Überbordende Bürokratie kostet deutsche Firmen jährlich etwa 146 Milliarden Euro, wie das Ifo-Institut im Mai in einer Studie ermittelte. Auch im Ausland wird darüber berichtet. Das Wall Street Journal (WSJ) verfolgt am Beispiel eines Wollbetriebs in Norddeutschland die Wirren der deutschen Bürokratie. Berichtspflichten, Dokumentationen und Anträge kosten jährlich etwa 1,02 Milliarden Arbeitsstunden.
Exemplarisch zeigt sich der Bürokratie-Wahnsinn etwa anhand der Firma Nordwolle. Diese bietet Outdoor-Kleidung aus regionaler Schafwolle an. Der Firmeninhaber Marco Scheel befindet sich jedoch, rechtlich gesehen, illegal im Hauptgebäude der Firma. Denn das über 200 Jahre alte Haus, das umgebaut wurde, hat ein Metalldach. Die Stadtverwaltung sah deshalb den Ort nicht als geeignet für Mitarbeiter an, sondern nur zur Unterbringung von Pferden, wie das WSJ berichtet.
Eine Metalltreppe dient der Firmaals provisorischer Feuerausgang. Doch die Metalltreppe steht auf einer Granitplatte. Weil Granit als Naturmaterial angesehen wird, brauche es dafür eine besondere Genehmigung. Bisherige Verhandlungen mit der Verwaltung sollen die Firma bereits 25.000 Euro gekostet haben. Dennoch könnte die Firma aufgrund dieses formalen Mangels jederzeit geschlossen werden.
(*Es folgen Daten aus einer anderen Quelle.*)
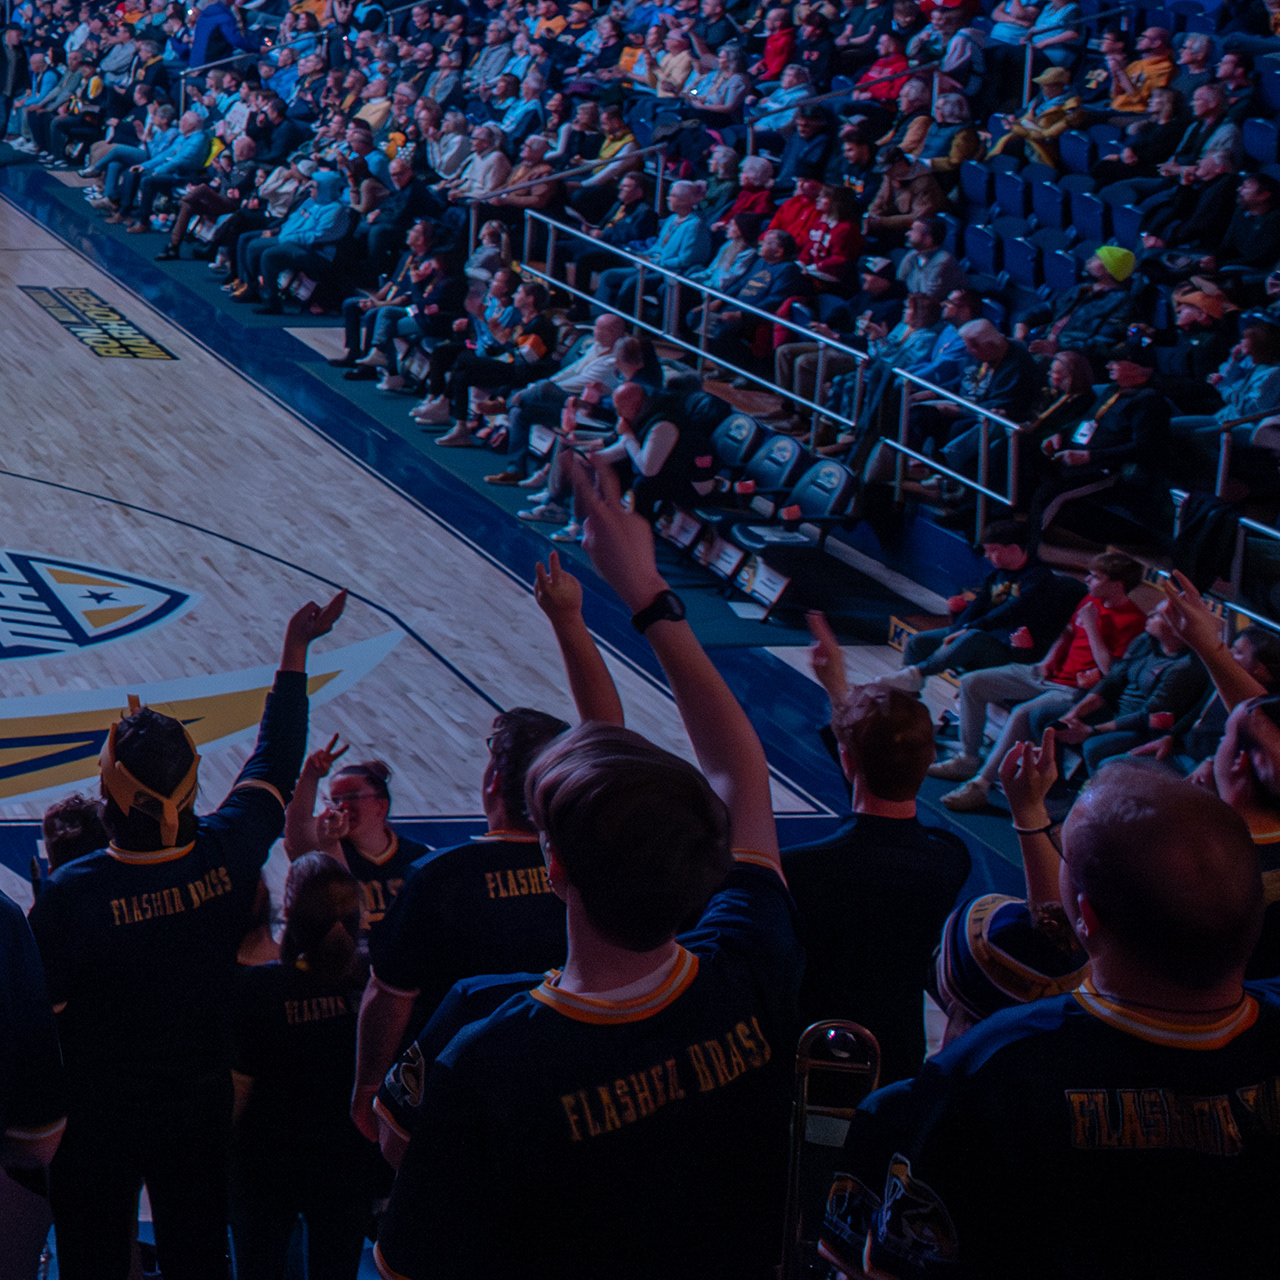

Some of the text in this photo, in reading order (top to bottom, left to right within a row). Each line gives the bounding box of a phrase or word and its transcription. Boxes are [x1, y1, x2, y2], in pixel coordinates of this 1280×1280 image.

[53, 287, 178, 360] MARHOFER
[67, 326, 138, 359] RON
[109, 883, 187, 926] FLASHER
[558, 1064, 685, 1143] FLASHER
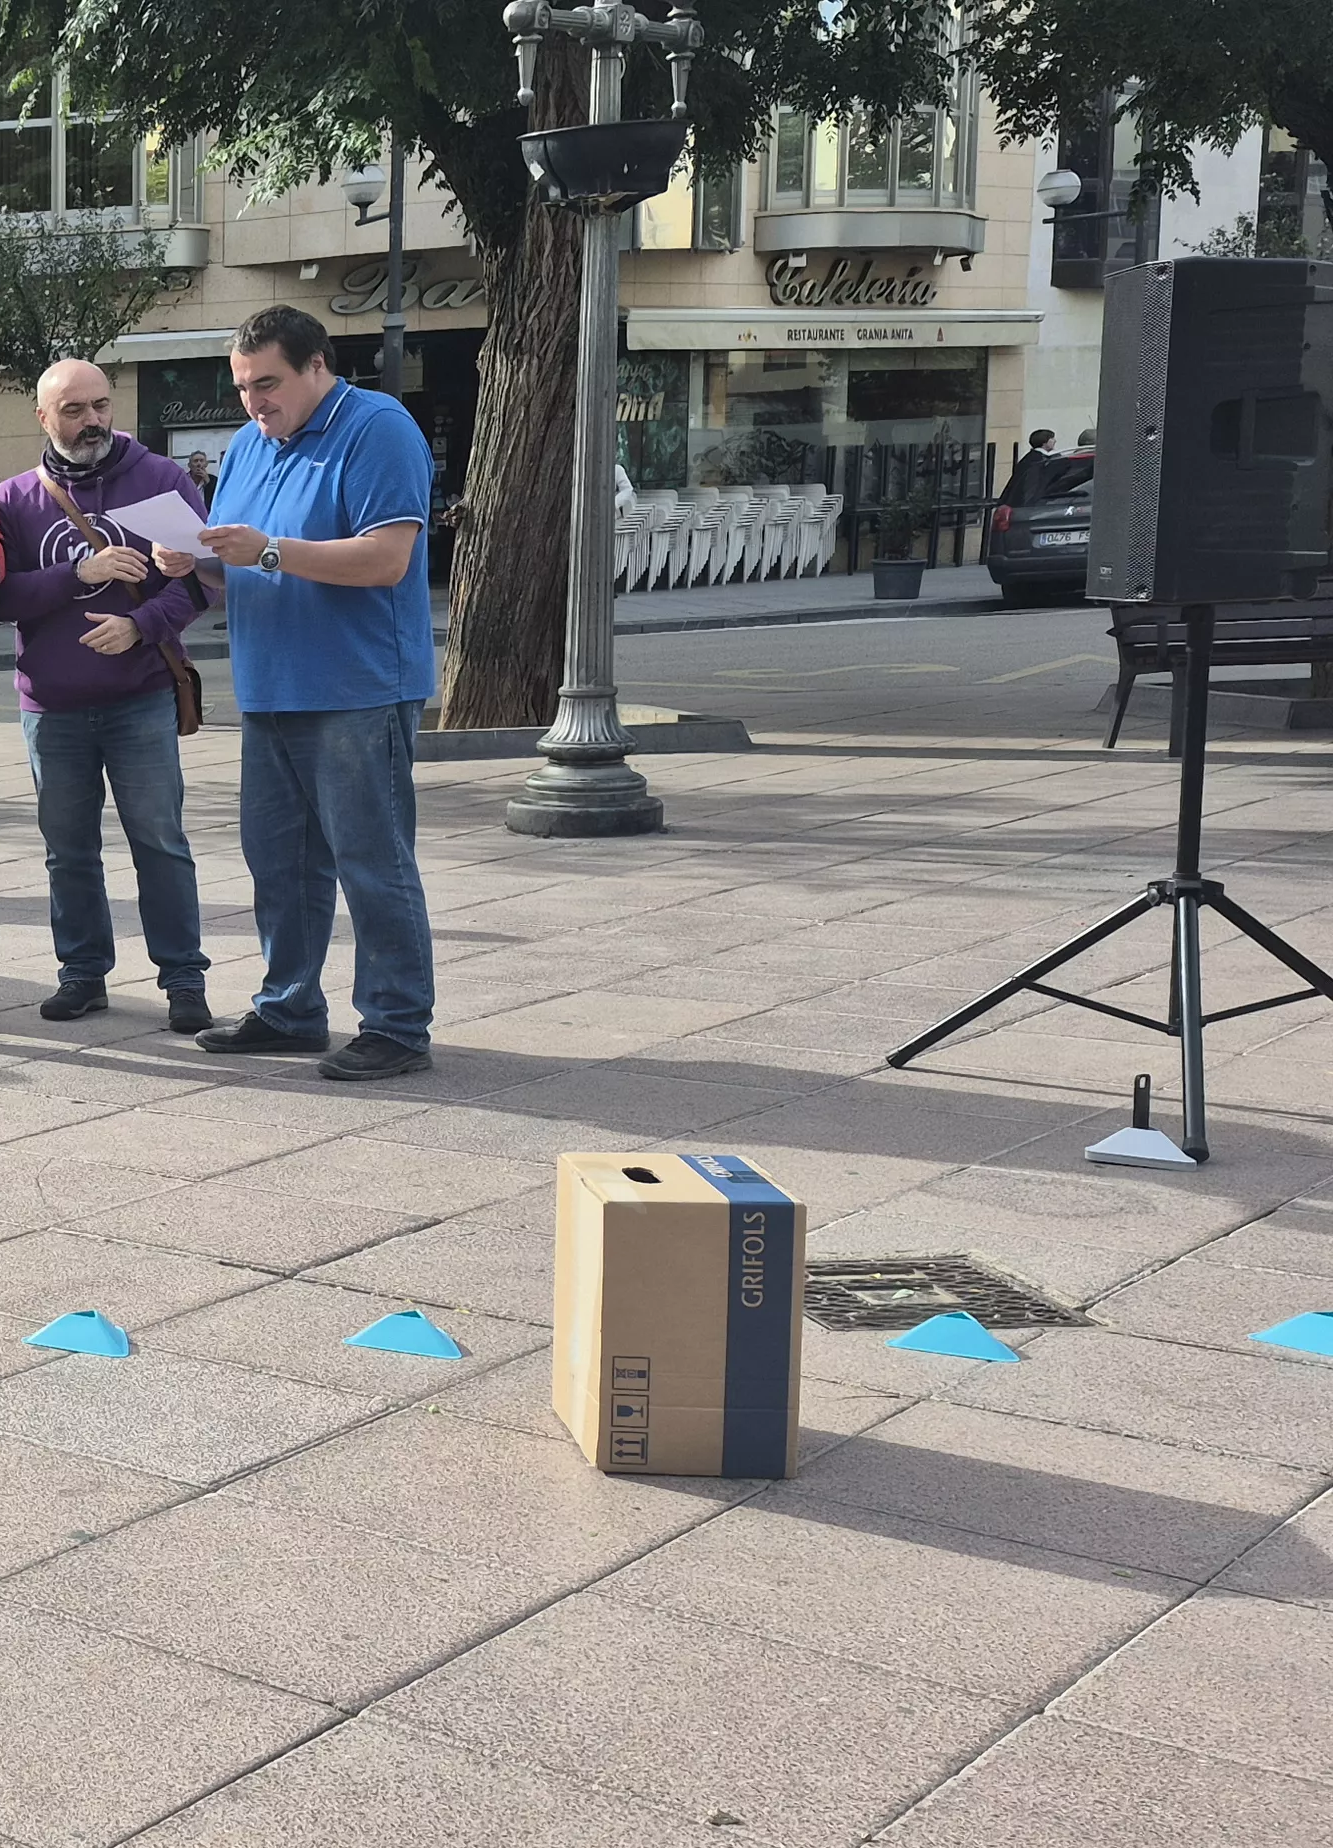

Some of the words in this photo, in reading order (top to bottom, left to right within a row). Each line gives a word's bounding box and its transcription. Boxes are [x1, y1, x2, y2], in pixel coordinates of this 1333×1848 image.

[330, 258, 485, 314] Ba
[766, 258, 936, 307] Cafetería
[787, 329, 845, 341] RESTAURANTE
[857, 328, 888, 341] GRANJA
[891, 328, 913, 341] ANITA
[160, 401, 247, 422] Restaura
[1047, 533, 1071, 543] 0476
[741, 1211, 766, 1308] GRIFOLS
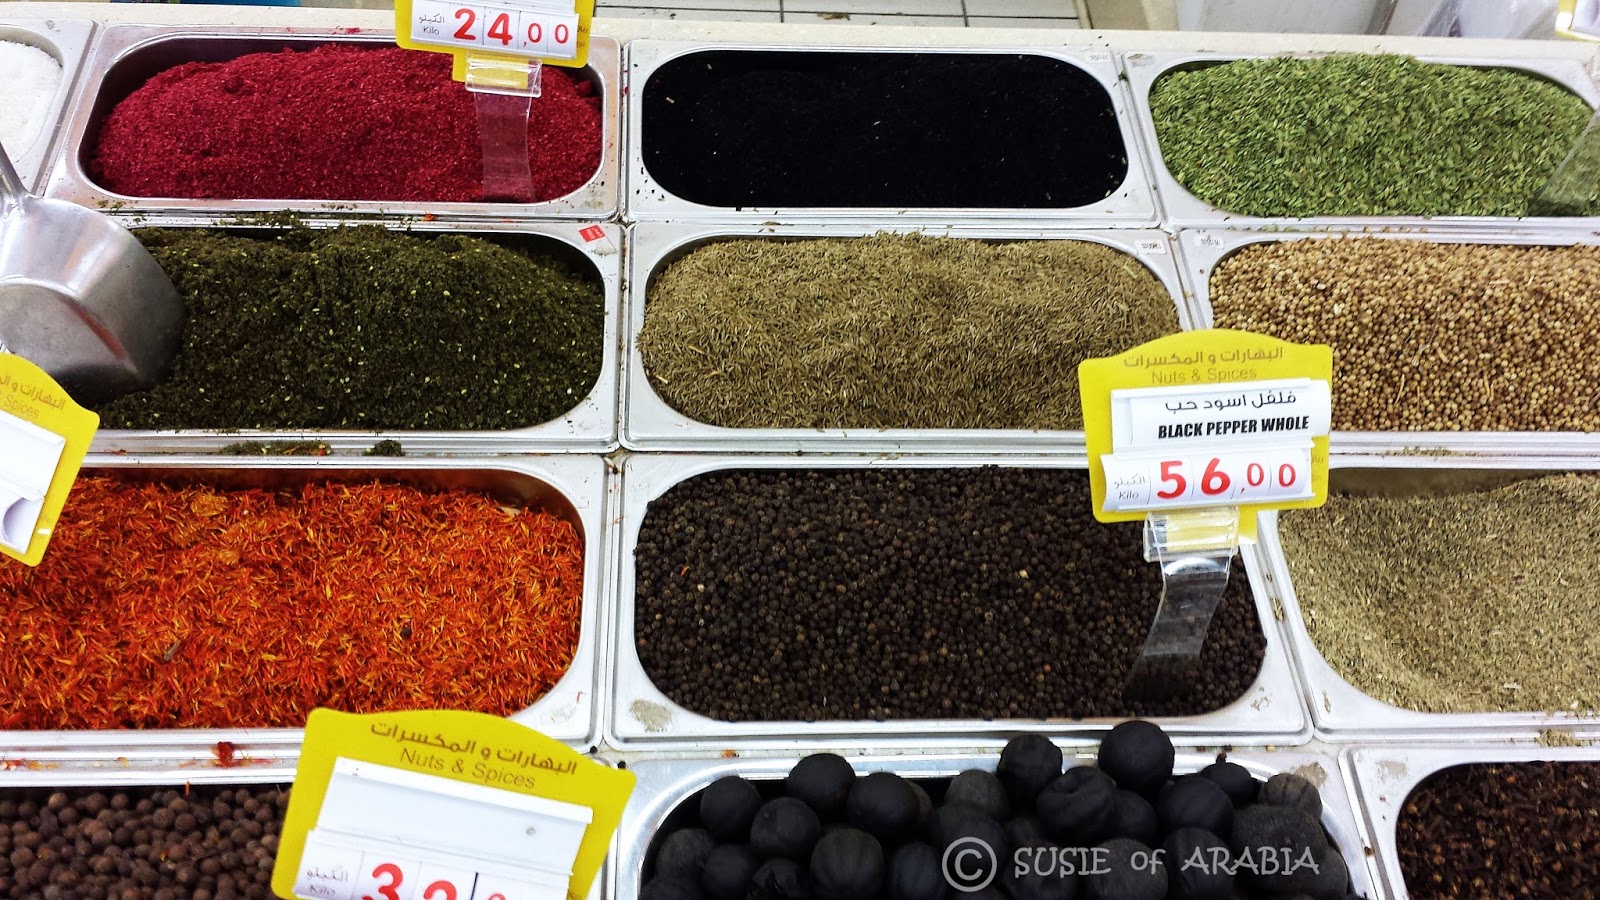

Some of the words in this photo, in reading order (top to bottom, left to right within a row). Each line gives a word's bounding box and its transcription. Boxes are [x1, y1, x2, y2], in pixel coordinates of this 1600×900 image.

[418, 13, 445, 24] الكيلو
[423, 26, 440, 35] Kilo
[1124, 352, 1203, 369] المكسرات
[1220, 347, 1284, 363] البهارات
[1152, 370, 1186, 384] Nuts
[1191, 369, 1202, 382] &
[1208, 367, 1257, 382] Spices
[1165, 398, 1198, 415] حب
[1204, 394, 1247, 411] اسود
[1252, 389, 1296, 409] فلفل
[1158, 422, 1203, 439] BLACK
[1206, 419, 1258, 437] PEPPER
[1261, 415, 1309, 432] WHOLE
[1119, 491, 1139, 499] Kilo
[371, 721, 476, 754] المكسرات
[400, 747, 446, 772] Nuts
[451, 760, 465, 774] &
[472, 765, 536, 789] Spices
[497, 749, 577, 775] البهارات
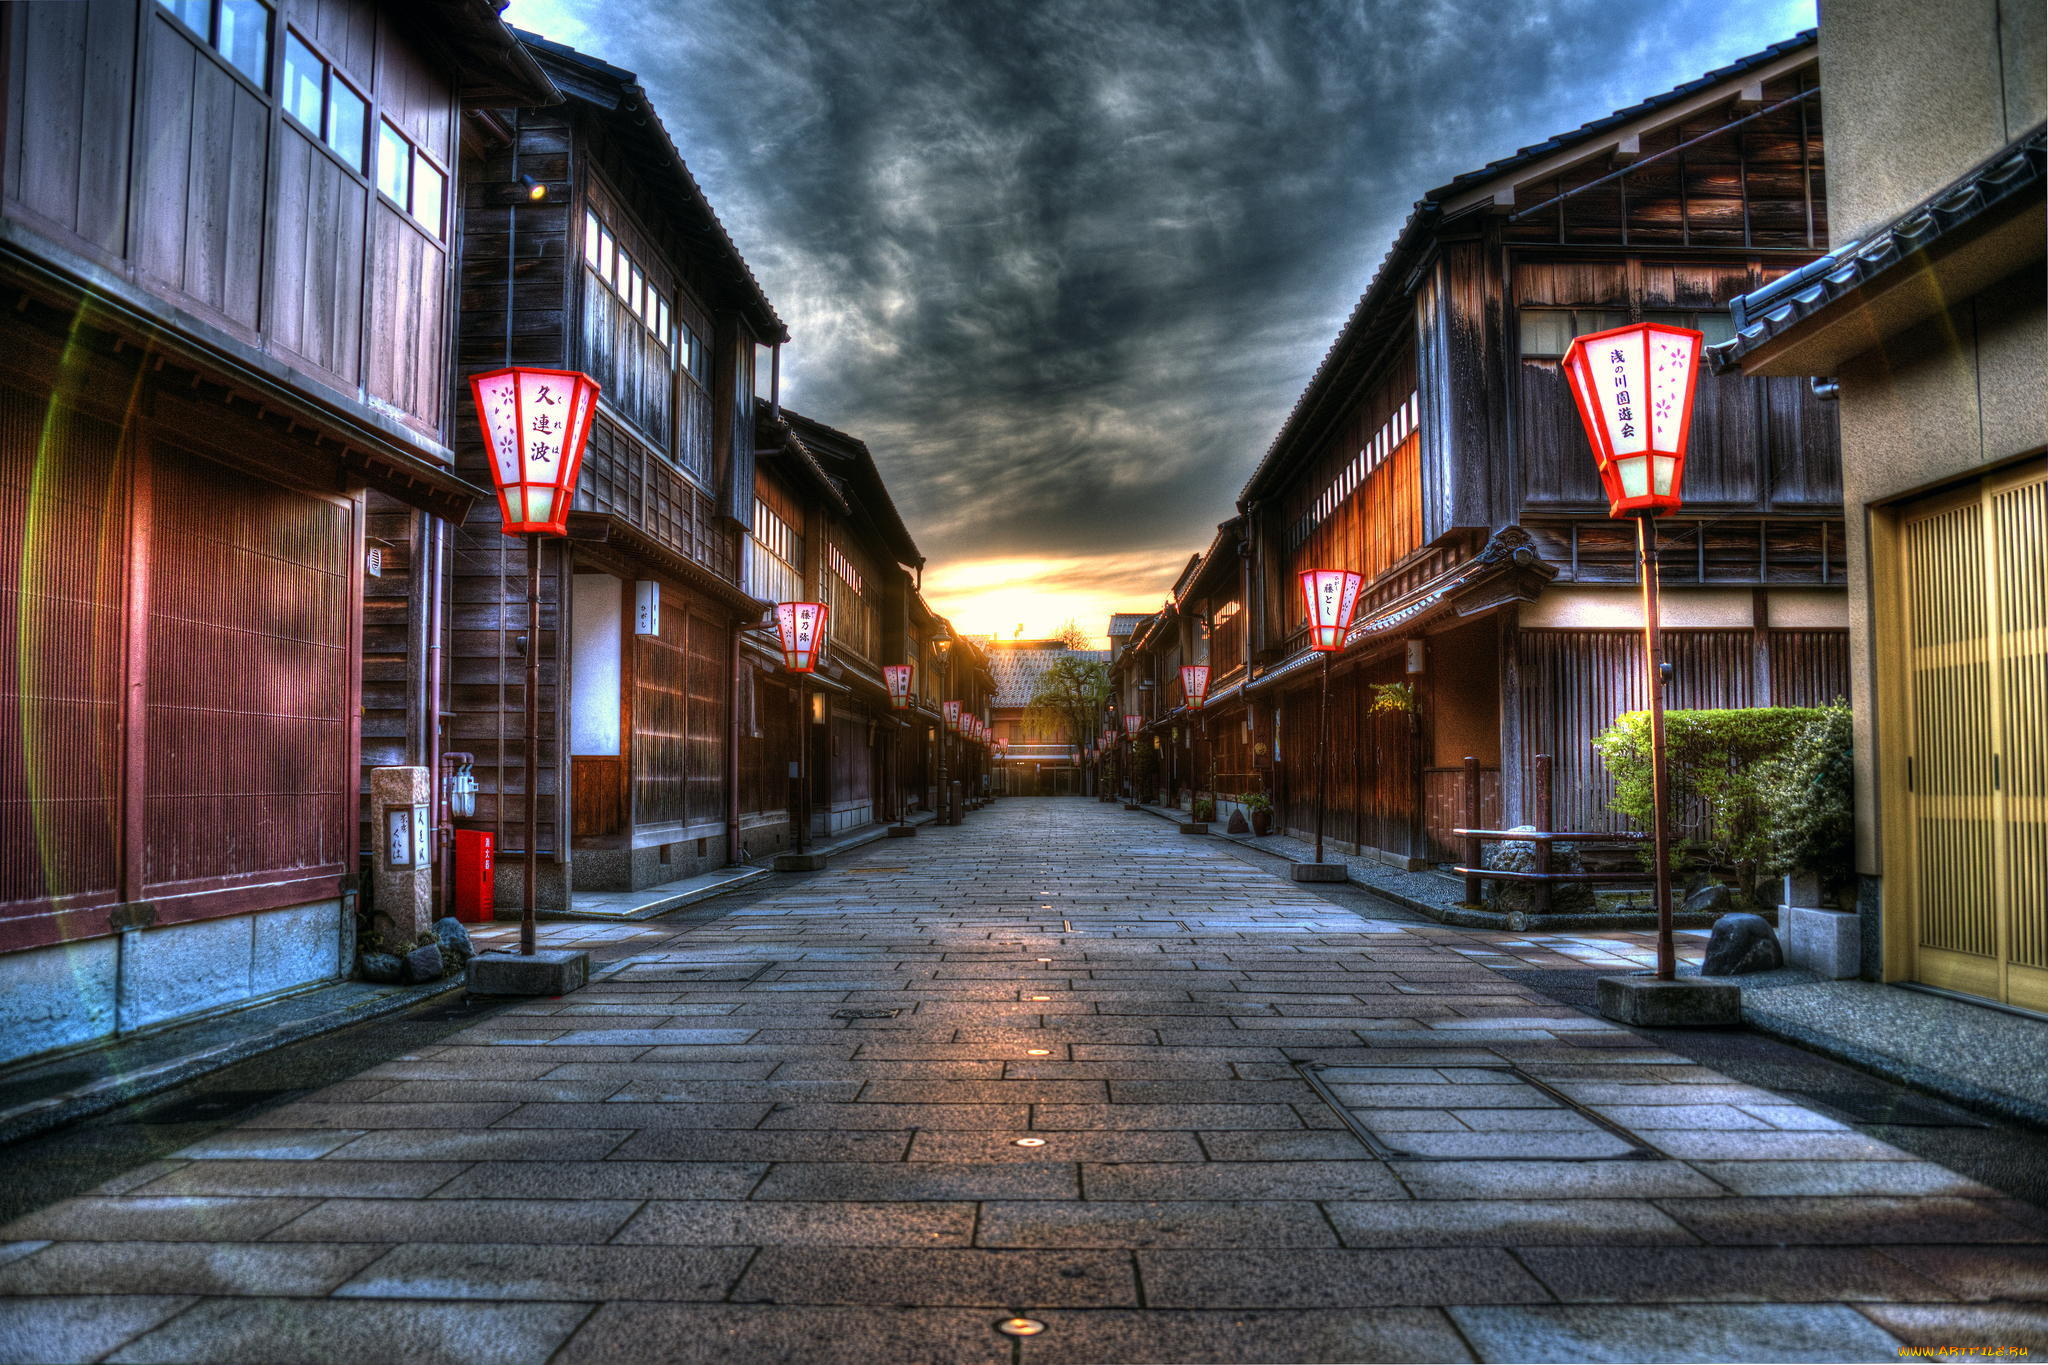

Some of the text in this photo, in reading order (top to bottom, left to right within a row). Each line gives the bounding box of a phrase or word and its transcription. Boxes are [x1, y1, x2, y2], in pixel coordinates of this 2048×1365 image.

[1610, 349, 1635, 438] 浅の川園遊会
[530, 385, 555, 463] 久連波
[551, 396, 562, 455] くれは
[800, 609, 811, 642] 藤乃弥
[1324, 583, 1334, 616] 藤とし
Gegenüber dem Wall Street Journal äußerte sich hierzu ein Beamter des Landkreises Nordwestmecklenburg, der sich mit der Baugenehmigung befasst. Demnach stehe das Anwesen in einer ländlichen Gegend, die nicht für die allgemeine Bebauung ausgewiesen sei. Daher müssten strengere Regeln befolgt werden. Man habe jedoch das veränderte Konzept für die Treppe anerkannt und werde Nordwolle entsprechend nicht auffordern, das Gebäude zu räumen.
Die amerikanische Zeitung fürchtet angesichts der vielen Bürokratie in Deutschland, dass das Infrastrukturpaket von 500 Milliarden Euro und die geplanten Verteidigungsausgaben kaum wirtschaftliches Wachstum bringen könnten. Das WSJ verweist darauf, dass die deutsche Wirtschaft in den letzten fünf Jahren nicht gewachsen ist.
Scheel hat zudem eine Küche einbauen lassen, damit die Mitarbeiter sich kostenlos Essen kochen können. Doch die Idee des kostenlosen Essens verwarf er wieder, stattdessen verlangt er nun pro Essen 3,50 Euro. Denn es stellte sich heraus, dass kostenloses Essen eine steuerpflichtige Leistung ist, deren Wert bei jedem Mitarbeiter auf der monatlichen Gehaltsabrechnung aufgeführt werden muss. Doch dazu fehlen die Kapazitäten.
Seit 2009 hat sich die Anzahl der Wirtschafts-, Finanz- und Steuergesetze etwa verdoppelt. Das ergab eine Studie von Stefan Wagner, einem Professor für Technologie- und Innovationsmanagement an der Universität Wien. Seine Untersuchung zeigte auch, dass die Gesetze immer länger und ausführlicher werden. Einer Ende Mai veröffentlichten Umfrage zufolge sehen 90 Prozent der deutschen Führungskräfte Bürokratieabbau als dringendstes Problem an. Die neue Bundesregierung hat sich vorgenommen, Bürokratie abzubauen. Doch ob das gelingen wird, ist fraglich.